The Wi-Fi Reflector Chip, which has been developed for wearable devices by the NASA’s Jet Propulsion Laboratory (JPL), together with the University of California, Los Angeles (UCLA), reflects wireless signals instead of using regular transmitters and receivers.
While wearable gadgets are finding their way into many sectors like health, security and entertainment, many new developments are seeing the light in this technology. There are Green wearables and there are wearables like Ampy that collect kinetic energy from our movement and transmit it to the phone for additional battery time. Along with the regular power sources, there are some uncommon sources that came out to charge wearables – like the chin strap that harvests energy from chewing and the Tattoo-Battery powered by sweat.
But, what if there exists a technology that makes the wearable hold the charge for a longer time? There are some people who postpone their activities due to low battery and there are many who obsessively check the device mid-activity to make sure it is still running. Imagine yourself set out to jog. Just when you crossed the daily target and are trying to push your stamina limits, what if the device gives a ‘battery low’ indication? Your poor activity tracker would fail to note not only your mileage but also the anxiety you feel before the battery dies.
Researchers at NASA’s JPL and UCLA invented a technology that makes the device hold the charge for a longer time. NASA’s Jet Propulsion Laboratory announced this new microchip technology last week.
Adrian Tang, a researcher at the NASA’s Jet Propulsion Laboratory, and M.C. Frank Chang at the University of California, Los Angeles, are working on this technology. They are designing the microchips that are to be incorporated in the wearable devices.
“The idea is if the wearable device only needs to reflect the Wi-Fi signal from a router or cell tower, instead of generate it, the power consumption can go way down (and the battery life can go way up),” Tang said in the report.
The data, which gets transferred as bits, uses a simple switch mechanism (0 & 1) that consumes very little power. The absorption of input energy by the circuit represents a 0 and the reflection of energy by the chip symbolises a 1.
“You can send a video in a couple of seconds, but you don’t consume the energy of the wearable device. The transmitter externally is expending energy – not the watch or other wearable,” Chang said in JPL announcement.

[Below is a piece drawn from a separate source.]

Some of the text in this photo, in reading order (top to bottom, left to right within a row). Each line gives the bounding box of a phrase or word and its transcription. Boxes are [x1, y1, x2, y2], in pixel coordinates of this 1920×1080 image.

The real challenge for the chip lies in differentiating and capturing the real Wi-Fi signal among the background noise – the signals reflected by every object in the surroundings other than the Wi-Fi device.
To filter these background reflections, scientists developed a wireless Silicon chip that constantly senses and suppresses the background noise, saving the Wi-Fi signal from interference with noise signals.

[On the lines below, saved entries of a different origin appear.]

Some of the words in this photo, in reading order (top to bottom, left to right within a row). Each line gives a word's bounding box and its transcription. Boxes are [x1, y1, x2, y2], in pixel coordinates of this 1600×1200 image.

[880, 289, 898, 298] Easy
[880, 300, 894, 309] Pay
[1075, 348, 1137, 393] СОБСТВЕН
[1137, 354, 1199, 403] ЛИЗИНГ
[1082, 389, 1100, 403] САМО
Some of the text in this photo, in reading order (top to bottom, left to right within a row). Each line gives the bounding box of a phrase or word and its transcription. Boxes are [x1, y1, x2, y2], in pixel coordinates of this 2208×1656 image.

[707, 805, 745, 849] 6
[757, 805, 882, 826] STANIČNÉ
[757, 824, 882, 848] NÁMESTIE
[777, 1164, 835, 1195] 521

While the system had been tested up to a distance of 6 metres, at about 2.5 metres, a data transfer rate 330 Mbps, which is about three times the current Wi-Fi data transmission rate, using about a thousand times less power than a regular Wi-Fi link, has been achieved.

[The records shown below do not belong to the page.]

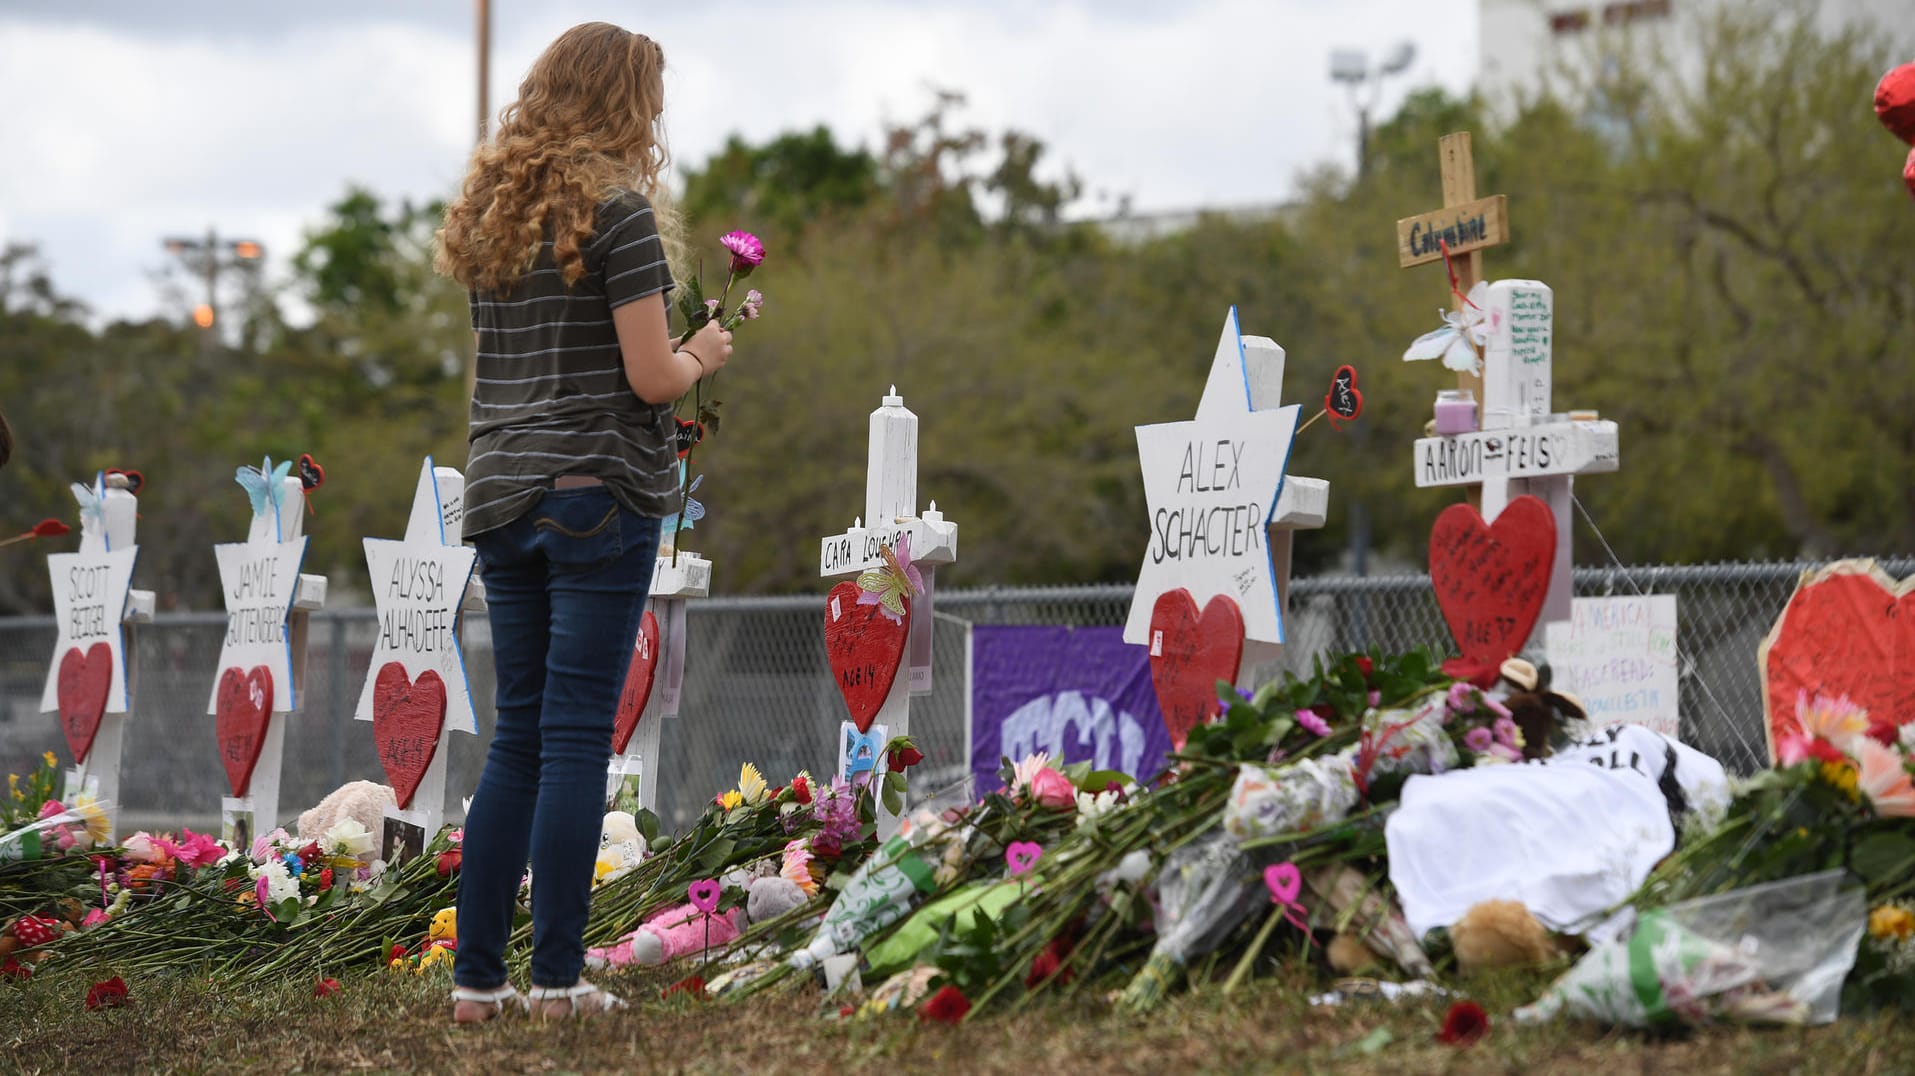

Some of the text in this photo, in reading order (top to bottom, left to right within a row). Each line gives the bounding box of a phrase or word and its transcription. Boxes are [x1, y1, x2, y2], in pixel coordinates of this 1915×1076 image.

[1410, 212, 1488, 257] Columbine
[1177, 440, 1245, 493] ALEX
[1425, 434, 1549, 481] AARON FEIS
[825, 530, 912, 570] CARA LOUHRN
[1153, 502, 1261, 565] SCHACTER
[69, 565, 111, 602] SCOTT
[233, 557, 279, 600] JAMIE
[389, 558, 444, 602] ALYSSA
[381, 608, 447, 653] ALHADEFF
[842, 663, 876, 689] AGE 14

Due to this technology, while the wearable device consumes power at a slower rate, both the router and device that is paired with this wearable consumes power at a higher rate. At the current stage, to solve the problem, the communicating device must have a long battery life or be plugged in continuously – a solution which would certainly increase the user’s electricity bill. So, researchers are up to find a better solution for this problem.
JPL, which is envisioning the possible applications of this technology, noted “astronauts and robotic spacecraft could potentially use this technology to transmit images at a lower cost to their precious power supplies. This might also allow more images to be sent at a time.”
Along with certain agreements to commercialize the technology, a patent application, jointly owned by the California Institute of Technology, which manages JPL for NASA, and the University of California, is also in place.